8.2 The Native Title Holders hereby request and direct the State to pay to
the Association the Native Title Holders' share of the monies received by the
State from the Company in accordance with clause 8.1 and the State agrees so to
do.
8.3 Each payment by the State shall be made:
(a) for and on behalf of the Company;
(b) within a reasonable time of receipt of the relevant monies in cleared
funds; and
(c) in full satisfaction and discharge of each respective obligation of the
Company arising under clause 8.1.
8.4 Each amount payable by the Company under this provision will be
calculated and paid in accordance with this provision unless and until an
alternative payment scheme is agreed pursuant to clause 8.5 of this clause 8.
8.5 In the event the method of calculation contained in the Petroleum Act as
at the date hereof is fundamentally changed so as to occasion a material
disadvantage to the State in the State's administration of clauses 8.2, 8.3 and
8.4, the Minister may give six (6) calendar months notice in writing to the
other parties of the Minister's desire to re-negotiate the method of collection
and distribution of monies in terms of this clause 8 in which case the parties
must promptly negotiate in good faith in an endeavour to agree an alternative
payment scheme acceptable to all the parties.
8.6 The receipt by the Association of a payment due under this clause shall
be a full and sufficient discharge to the Minister and to the Company for any
payments made to the Native Title Holders pursuant to clause 8.
8.7 Nothing in this clause is intended to impose on the State a duty to
invest any monies collected by the State for distribution to the Association.

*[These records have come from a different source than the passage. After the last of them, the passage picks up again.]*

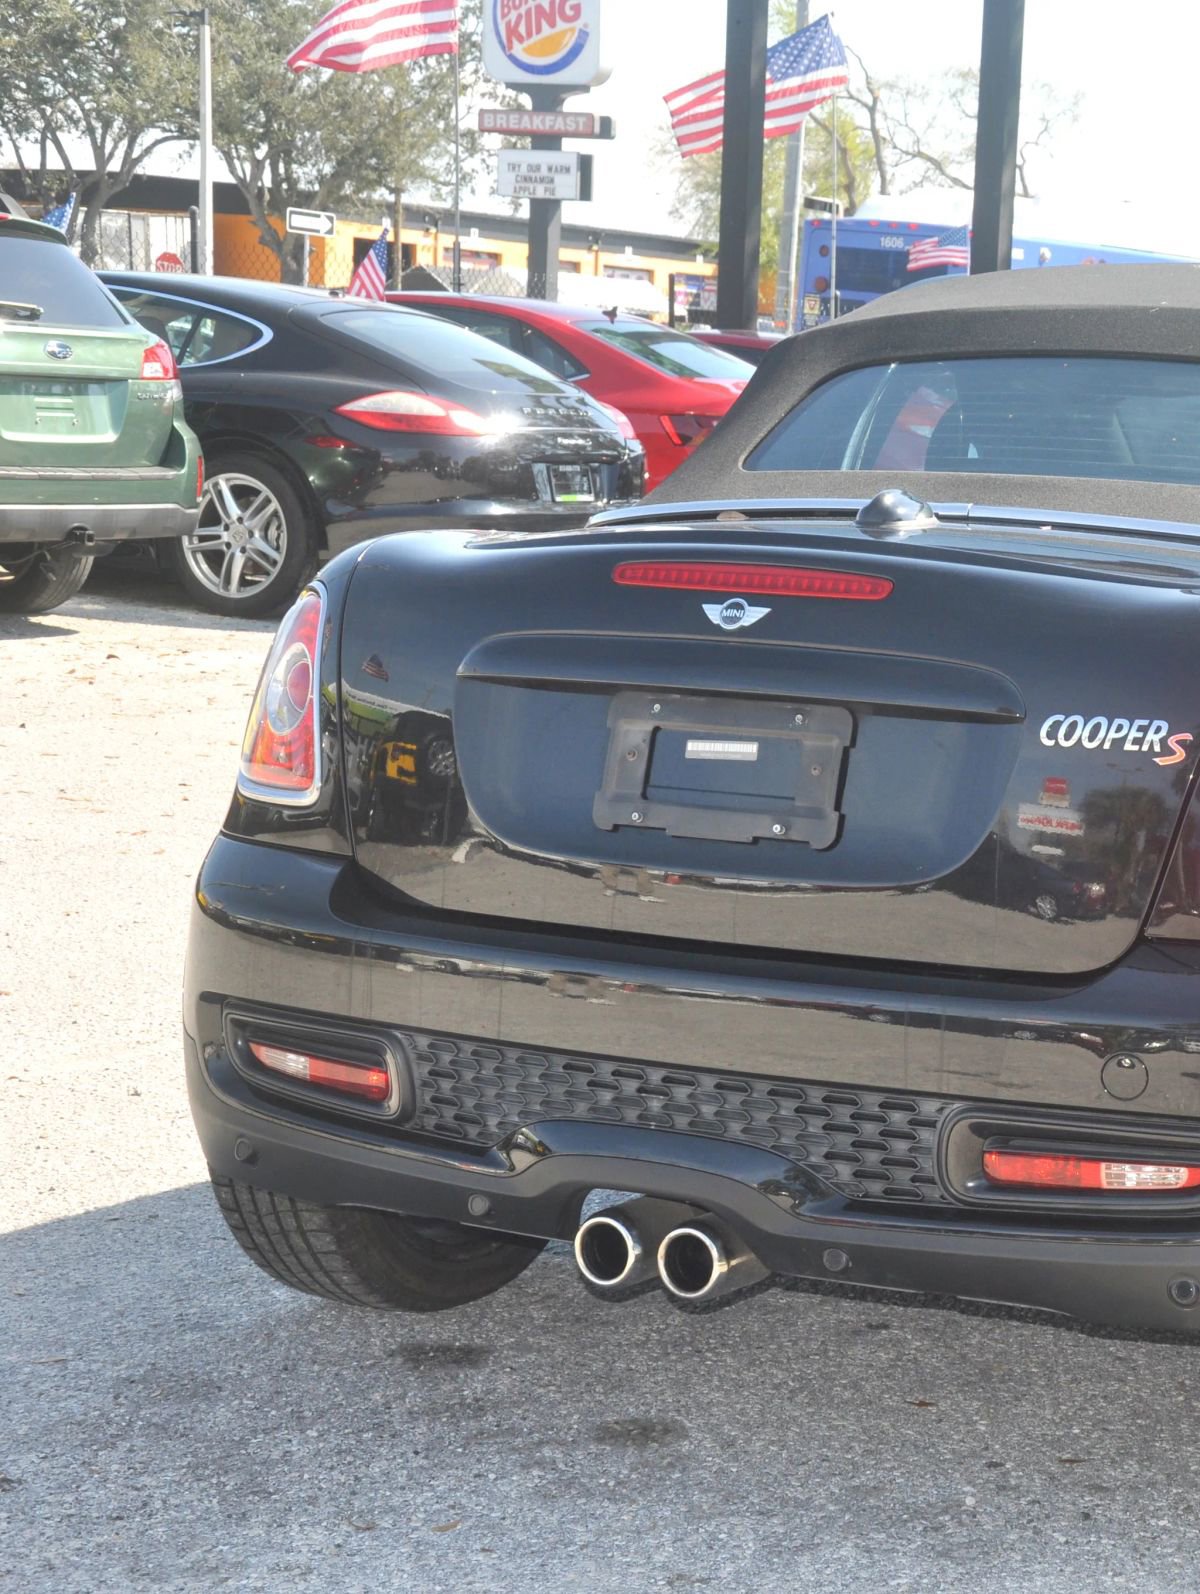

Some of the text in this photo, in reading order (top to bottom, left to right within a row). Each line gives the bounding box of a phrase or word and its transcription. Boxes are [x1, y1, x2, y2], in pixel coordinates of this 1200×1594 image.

[505, 0, 582, 52] KING
[483, 112, 588, 132] BREAKFAST
[507, 162, 571, 174] TRY OUR WARM
[515, 174, 555, 184] CINNAMON
[513, 186, 556, 196] APPLE PIE
[880, 236, 904, 249] 1606
[156, 260, 183, 272] STOP
[721, 608, 745, 618] MINI
[1039, 714, 1194, 766] COOPER S

8.8 The Native Title Holders and the Association agree that the compensation
entitlement comprising the monies payable by the Company pursuant to this Deed
are in full and final satisfaction of all liabilities, actions, determinations,
orders, claims or demands for compensation, damages, restitution, benefits or
loss whatsoever, whether arising under any State or Commonwealth statute or at
common law or equity or otherwise, which the Native Title Holders may now or in
the future have, or but for this Deed might have had, against the Company and/or
the State and/or their respective employees, officers, agents or contractors in
connection with any actual and/or potential extinguishment of, and/or effect or
impact on, any native title or claimed native title of the Native Title Holders
in consequence of or arising out of or in relation to the Licence/s and the
exercise of rights or the discharge of obligations by the Company under the
Licence/s ("COMPENSATION ENTITLEMENTS").
8.9 The Native Title Holders and the Association release the Company and the
State from, and acknowledge that this Deed may be pleaded as an absolute bar
against, all such Compensation Entitlements, liabilities, actions, claims or
demands.
8.10 The Native Title Holders and the Association will not make any
application or claim against the Company or the State or any other person in any
court, tribunal, commission or any other competent body, including the National
Native Title Tribunal for compensation, restitution, benefits, damages or any
other amount (whether to be held in trust under the Native Title Act or
otherwise) in connection with any such Compensation Entitlements, liabilities,
actions, claims or demands.
8.11 The provisions of clause 8.9and 8.10do not apply in relation to any
compensation claim arising by reason of a breach of this Deed.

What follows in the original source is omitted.